With pictures omitted, output the records below exactly as they appear.

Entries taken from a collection

____________

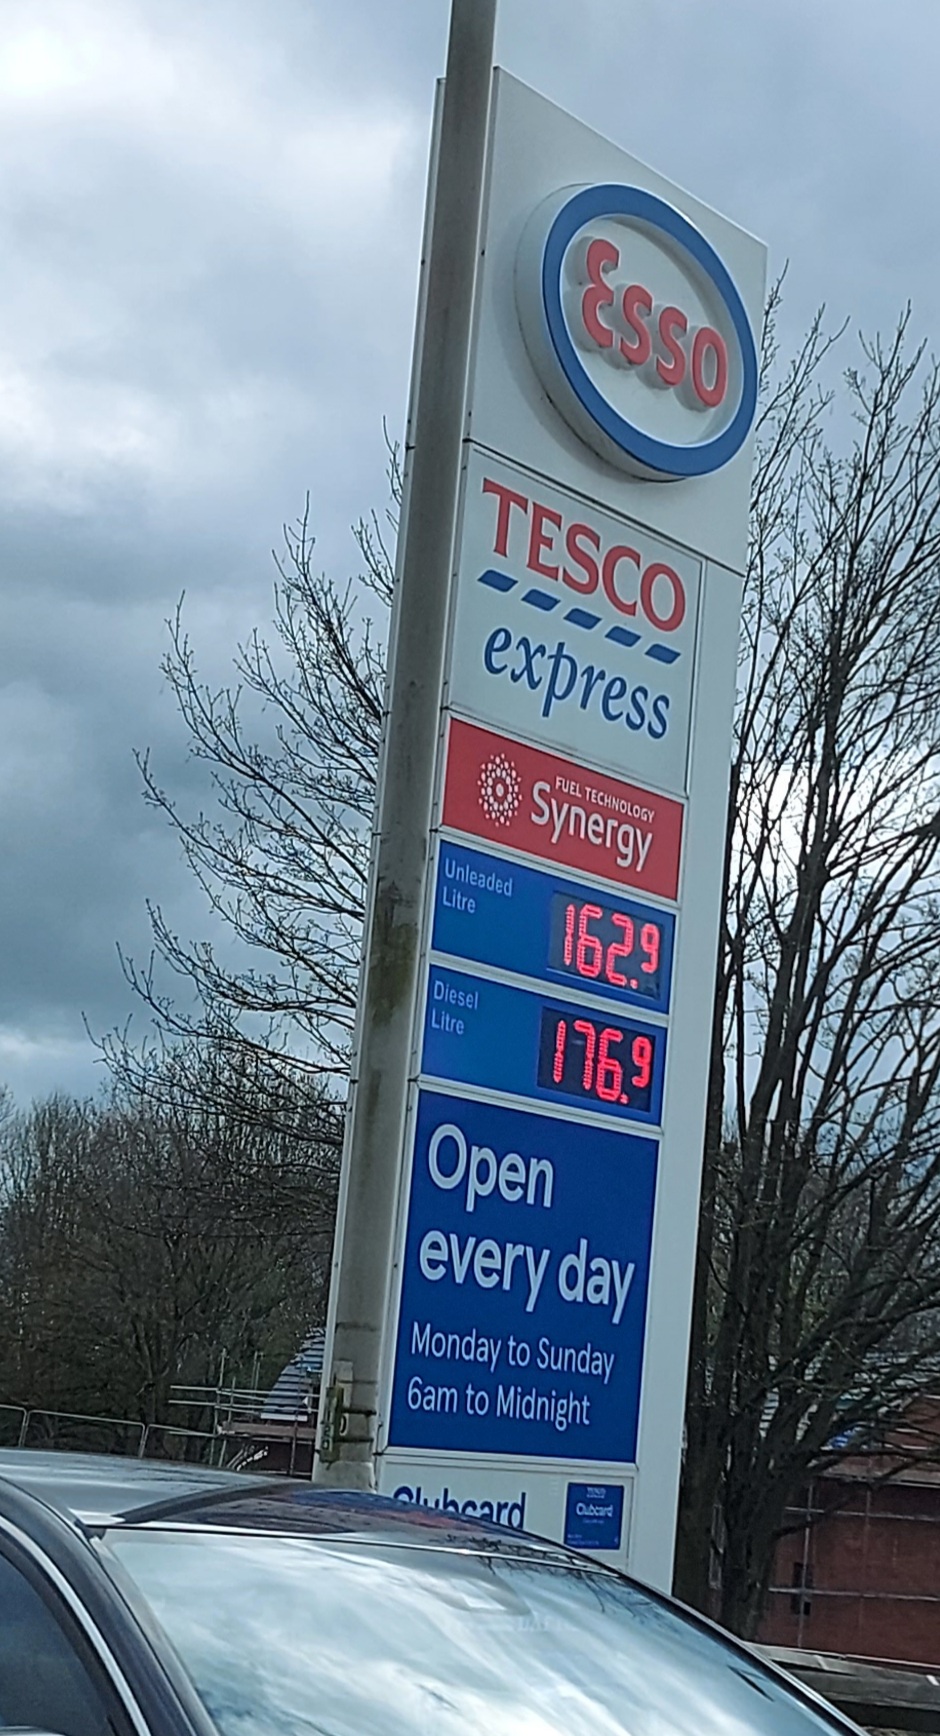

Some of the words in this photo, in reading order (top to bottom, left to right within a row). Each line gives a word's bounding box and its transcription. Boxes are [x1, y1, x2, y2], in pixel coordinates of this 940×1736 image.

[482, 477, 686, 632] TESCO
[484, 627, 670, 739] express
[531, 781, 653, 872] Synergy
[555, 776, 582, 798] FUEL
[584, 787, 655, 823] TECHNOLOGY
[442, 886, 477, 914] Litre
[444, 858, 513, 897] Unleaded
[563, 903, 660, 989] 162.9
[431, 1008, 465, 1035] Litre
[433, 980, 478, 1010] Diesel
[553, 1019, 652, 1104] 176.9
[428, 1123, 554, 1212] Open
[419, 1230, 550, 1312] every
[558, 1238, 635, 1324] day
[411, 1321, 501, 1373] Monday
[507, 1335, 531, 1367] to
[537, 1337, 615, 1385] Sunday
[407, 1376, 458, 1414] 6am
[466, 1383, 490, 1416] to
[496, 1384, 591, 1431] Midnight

____________

Your solution.
Some of the words in this photo, in reading order (top to bottom, left to right within a row). Each line gives a word's bounding box and its transcription. Boxes are [x1, y1, x2, y2], in pixel coordinates of this 940×1736 image.

[482, 477, 686, 632] TESCO
[484, 627, 670, 739] express
[531, 781, 653, 872] Synergy
[555, 776, 582, 798] FUEL
[584, 787, 655, 823] TECHNOLOGY
[442, 886, 477, 914] Litre
[444, 858, 513, 897] Unleaded
[563, 903, 660, 989] 162.9
[431, 1008, 465, 1035] Litre
[433, 980, 478, 1010] Diesel
[553, 1019, 652, 1104] 176.9
[428, 1123, 554, 1212] Open
[419, 1230, 550, 1312] every
[558, 1238, 635, 1324] day
[411, 1321, 501, 1373] Monday
[507, 1335, 531, 1367] to
[537, 1337, 615, 1385] Sunday
[407, 1376, 458, 1414] 6am
[466, 1383, 490, 1416] to
[496, 1384, 591, 1431] Midnight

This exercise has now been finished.